正直言って烏野は田舎で、特に高校の周りは坂ノ下くらいしか寄り道できる場所がない。
 烏野に唯一あるファストフード店はTVのCMで見る有名チェーン店なんかじゃなくて、個人がやってる喫茶店みたいに小さなこの店たったひとつで、高校からは少し遠いところにある。俺もツッキーも田舎のそんなところはもう慣れっこになっていて、時々部活が早く終わった時に二人でそこに行くのが俺とツッキーにとっての放課後の寄り道になっていた。
 ツッキーは注文した山盛りポテトの揚げたてを一本つまみあげると、単語帳を開きながら口に運んだ。
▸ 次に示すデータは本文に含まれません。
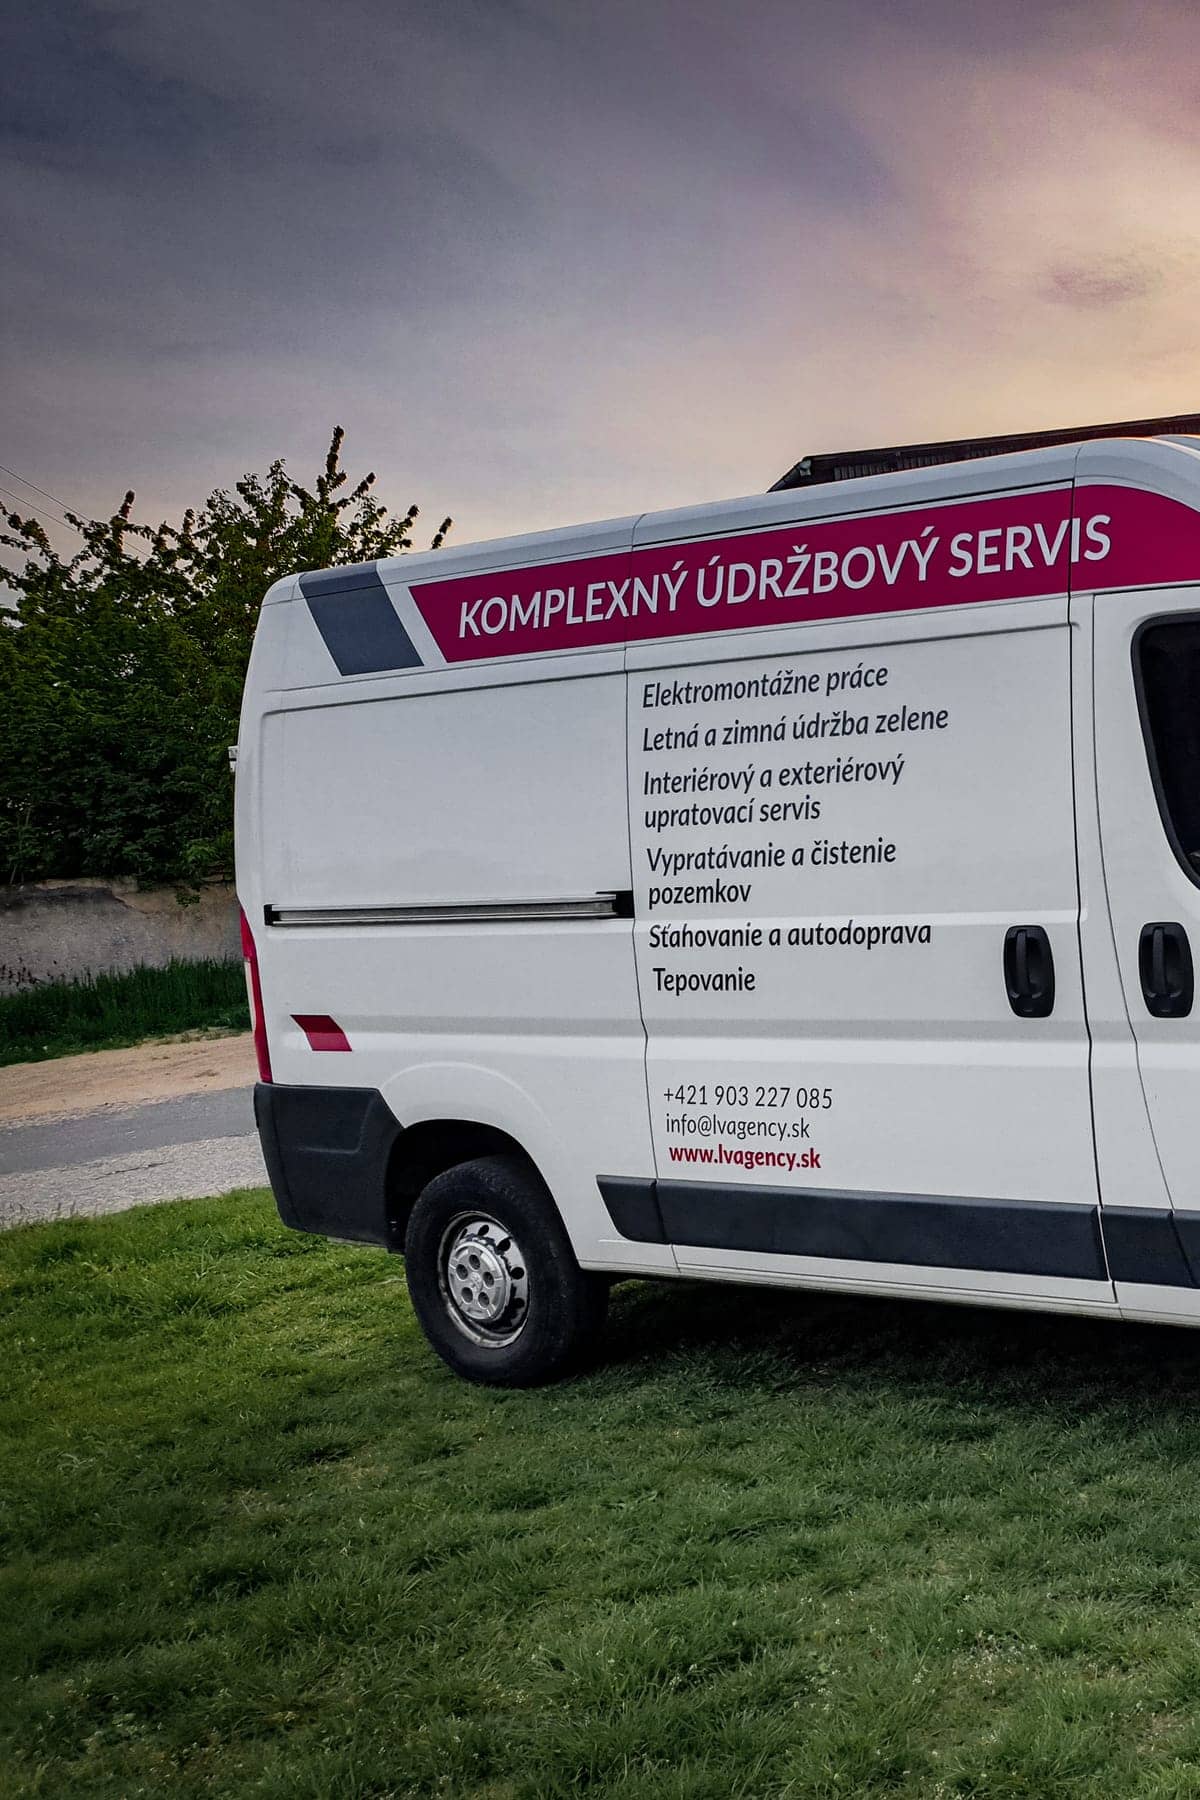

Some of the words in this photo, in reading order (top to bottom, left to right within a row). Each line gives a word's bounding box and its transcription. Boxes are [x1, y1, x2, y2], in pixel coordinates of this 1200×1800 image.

[457, 561, 690, 638] KOMPLEXNÝ
[696, 524, 941, 608] ÚDRŽBOVÝ
[947, 513, 1113, 578] SERVIS
[642, 669, 820, 708] Elektromontážne
[825, 662, 889, 697] práce
[642, 723, 698, 752] Letná
[704, 730, 717, 746] a
[721, 715, 786, 745] zimná
[792, 710, 869, 739] údržba
[875, 705, 949, 733] zelene
[643, 763, 755, 795] Interiérový
[759, 769, 773, 787] a
[778, 753, 905, 787] exteriérový
[644, 798, 756, 833] upratovací
[759, 795, 821, 822] servis
[646, 842, 786, 876] Vypratávanie
[791, 847, 804, 866] a
[810, 837, 897, 866] čistenie
[649, 878, 752, 910] pozemkov
[649, 922, 763, 948] Sťahovanie
[768, 927, 782, 945] a
[787, 919, 932, 950] autodoprava
[652, 966, 756, 996] Tepovanie
[663, 1085, 708, 1105] +421
[714, 1085, 749, 1107] 903
[755, 1087, 791, 1108] 227
[796, 1088, 833, 1109] 085
[665, 1113, 811, 1141] info@lvagency.sk
[669, 1144, 822, 1171] www.lvagency.sk
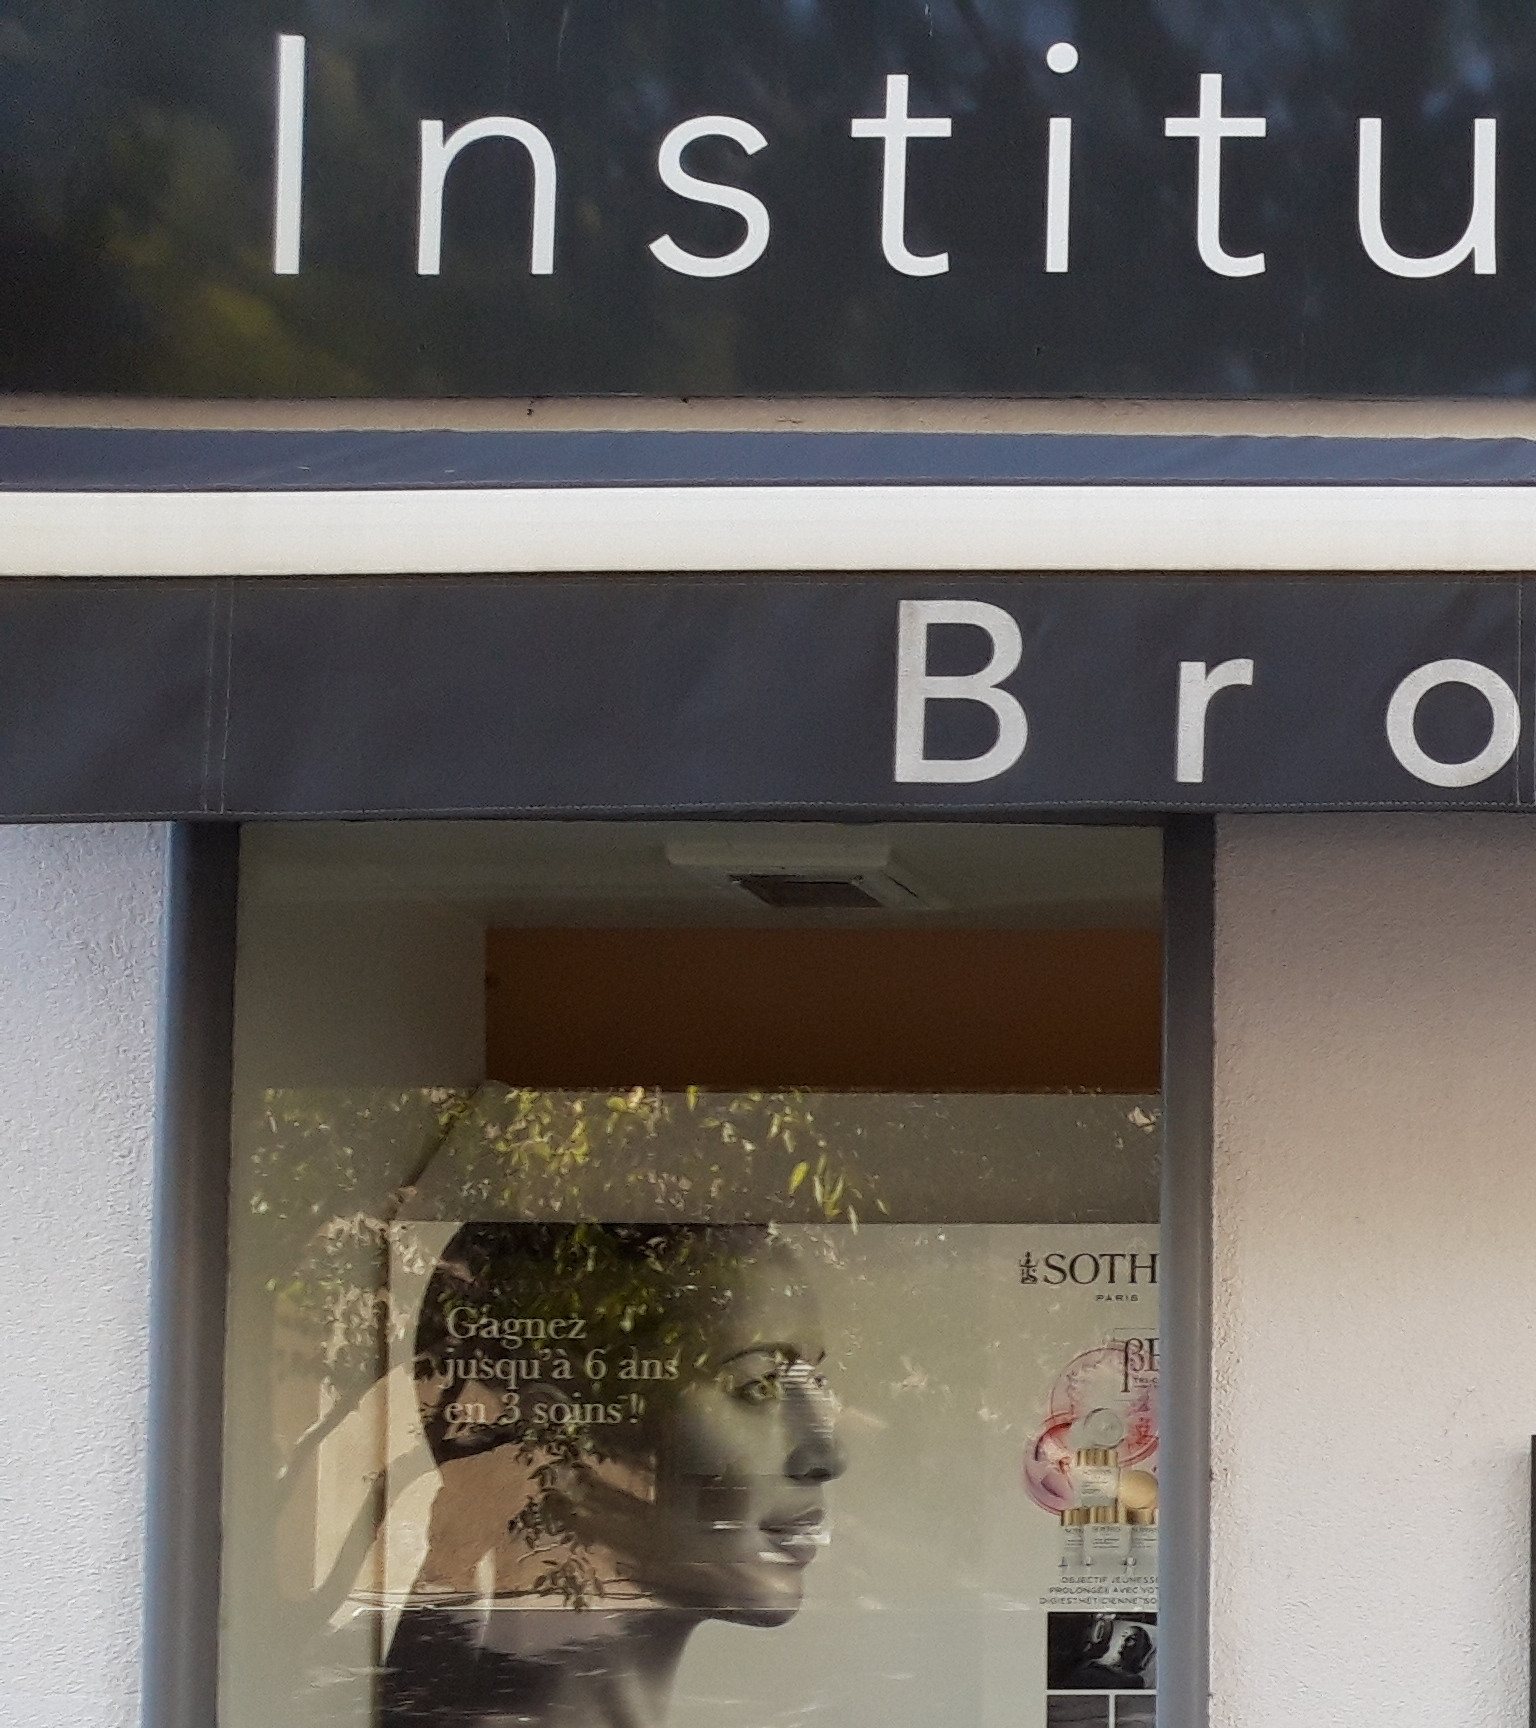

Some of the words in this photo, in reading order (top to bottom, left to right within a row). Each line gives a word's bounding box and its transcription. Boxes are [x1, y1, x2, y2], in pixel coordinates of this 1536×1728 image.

[447, 1306, 587, 1349] Gagnez
[439, 1348, 574, 1391] jusqu'à
[585, 1349, 608, 1380] 6
[617, 1357, 680, 1380] ans
[445, 1402, 487, 1424] en
[500, 1392, 521, 1425] 3
[533, 1391, 623, 1424] soins
店の中には俺とツッキーだけがいて、二人では広すぎる店内を貸し切っているようなこの光景は、俺たちにとって珍しいものじゃなかった。
 いつ来ても俺たちは山盛りポテトを二つ注文して、ツッキーはLサイズのいちごシェイクを、俺はMサイズのコーラをそれぞれ注文する。小さなテーブルで向かい合って、それらを口にしながら学校の宿題をするのがいつもの過ごし方で、今日のツッキーは明日の英語の小テストの勉強をしていて、俺は数学のプリントを広げてシャーペンを握りしめていた。普段は同じ教室で同じ授業を受けているけれど、数学と英語に限っては成績別のクラス編成で俺とツッキーは別の授業を受けている。
 開いた単語帳の陰から、ツッキーの顔が半分だけ見える。その目は気だるげで、少し疲れているのか眠たそうにも見える。重たそうな瞼のふちに並んだ睫毛が上下して、その長さを示している。集中して真剣そのものという様子ではないけれど、きっと明日の小テストもしっかり満点をとるんだろう。眼鏡の奥の二つの目はアルファベットをなぞるだけですっかり暗記してしまう。俺とは大違いだと思う。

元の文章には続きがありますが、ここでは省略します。